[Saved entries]
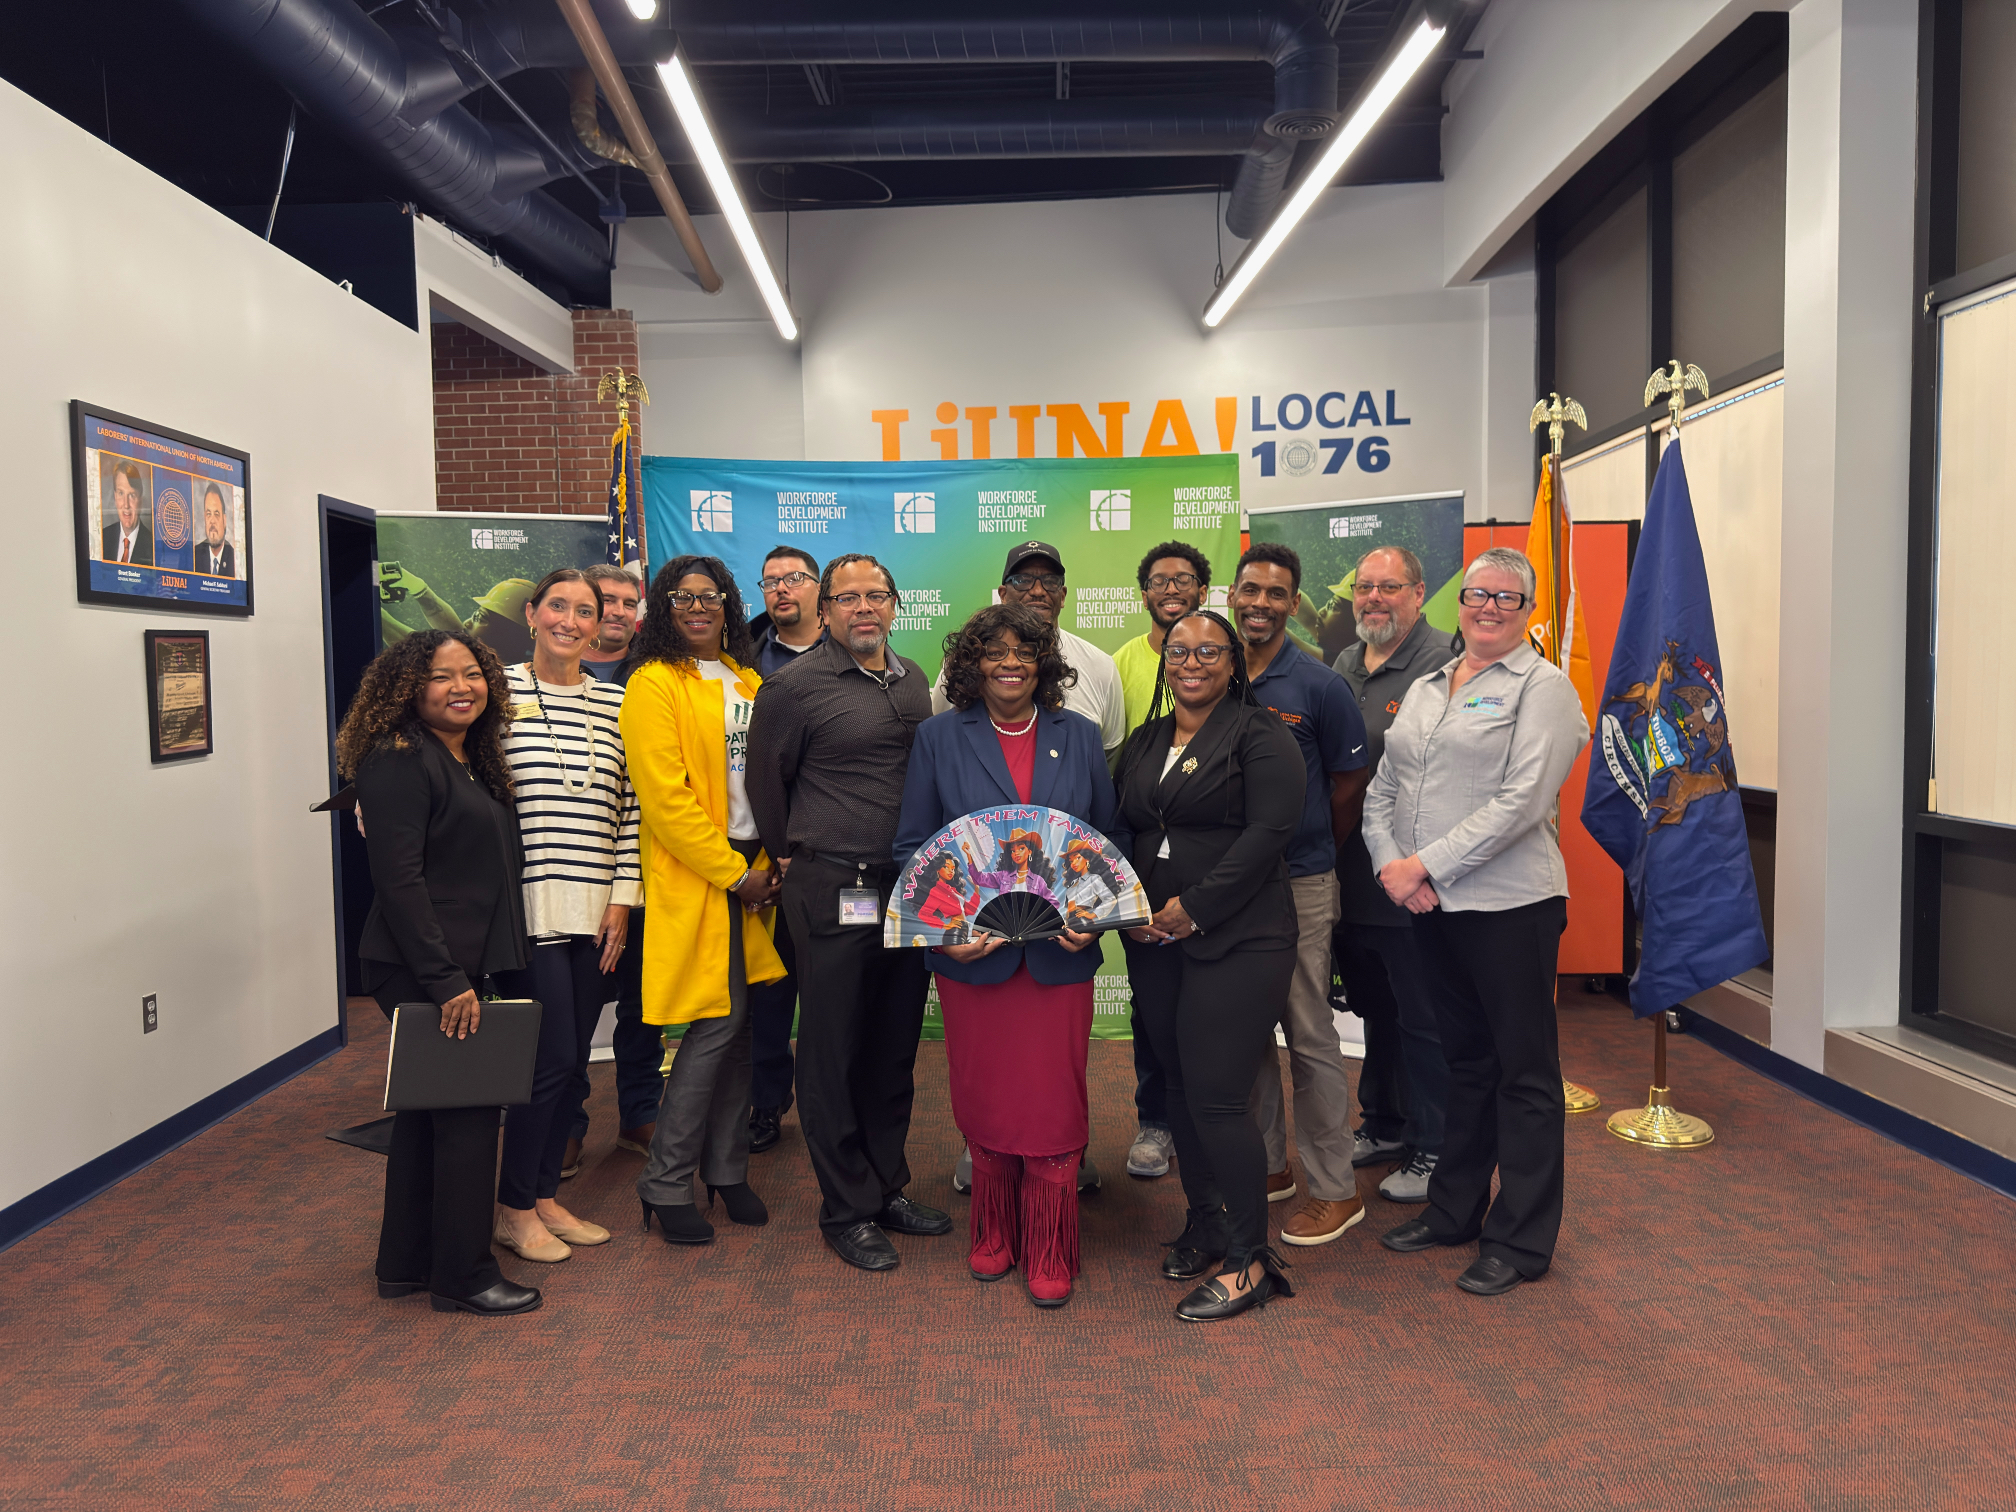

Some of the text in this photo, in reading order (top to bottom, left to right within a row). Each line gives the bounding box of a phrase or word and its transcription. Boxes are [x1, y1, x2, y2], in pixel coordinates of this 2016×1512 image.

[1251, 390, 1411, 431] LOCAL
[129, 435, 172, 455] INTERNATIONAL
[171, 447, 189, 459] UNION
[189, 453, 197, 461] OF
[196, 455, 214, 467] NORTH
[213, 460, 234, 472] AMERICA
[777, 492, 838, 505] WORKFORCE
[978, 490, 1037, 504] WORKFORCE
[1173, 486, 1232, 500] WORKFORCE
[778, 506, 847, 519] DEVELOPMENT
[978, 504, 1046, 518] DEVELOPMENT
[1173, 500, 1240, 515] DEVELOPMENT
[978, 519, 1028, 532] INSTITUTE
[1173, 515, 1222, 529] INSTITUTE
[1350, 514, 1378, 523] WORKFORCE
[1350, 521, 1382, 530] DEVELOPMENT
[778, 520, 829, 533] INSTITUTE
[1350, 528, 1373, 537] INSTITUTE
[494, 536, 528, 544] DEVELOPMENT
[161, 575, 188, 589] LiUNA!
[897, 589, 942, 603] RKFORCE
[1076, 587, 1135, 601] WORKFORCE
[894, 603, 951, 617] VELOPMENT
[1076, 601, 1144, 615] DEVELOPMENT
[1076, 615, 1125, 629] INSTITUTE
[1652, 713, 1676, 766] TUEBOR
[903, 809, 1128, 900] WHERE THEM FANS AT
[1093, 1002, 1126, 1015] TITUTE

**WHAT THE TASK ASKS**
Word for word, write out each line of the records, but leave the pictures behind.

**SOLUTION FOR THIS TASK**
Some of the text in this photo, in reading order (top to bottom, left to right within a row). Each line gives the bounding box of a phrase or word and its transcription. Boxes are [x1, y1, x2, y2], in pixel coordinates of this 2016×1512 image.

[1251, 390, 1411, 431] LOCAL
[129, 435, 172, 455] INTERNATIONAL
[171, 447, 189, 459] UNION
[189, 453, 197, 461] OF
[196, 455, 214, 467] NORTH
[213, 460, 234, 472] AMERICA
[777, 492, 838, 505] WORKFORCE
[978, 490, 1037, 504] WORKFORCE
[1173, 486, 1232, 500] WORKFORCE
[778, 506, 847, 519] DEVELOPMENT
[978, 504, 1046, 518] DEVELOPMENT
[1173, 500, 1240, 515] DEVELOPMENT
[978, 519, 1028, 532] INSTITUTE
[1173, 515, 1222, 529] INSTITUTE
[1350, 514, 1378, 523] WORKFORCE
[1350, 521, 1382, 530] DEVELOPMENT
[778, 520, 829, 533] INSTITUTE
[1350, 528, 1373, 537] INSTITUTE
[494, 536, 528, 544] DEVELOPMENT
[161, 575, 188, 589] LiUNA!
[897, 589, 942, 603] RKFORCE
[1076, 587, 1135, 601] WORKFORCE
[894, 603, 951, 617] VELOPMENT
[1076, 601, 1144, 615] DEVELOPMENT
[1076, 615, 1125, 629] INSTITUTE
[1652, 713, 1676, 766] TUEBOR
[903, 809, 1128, 900] WHERE THEM FANS AT
[1093, 1002, 1126, 1015] TITUTE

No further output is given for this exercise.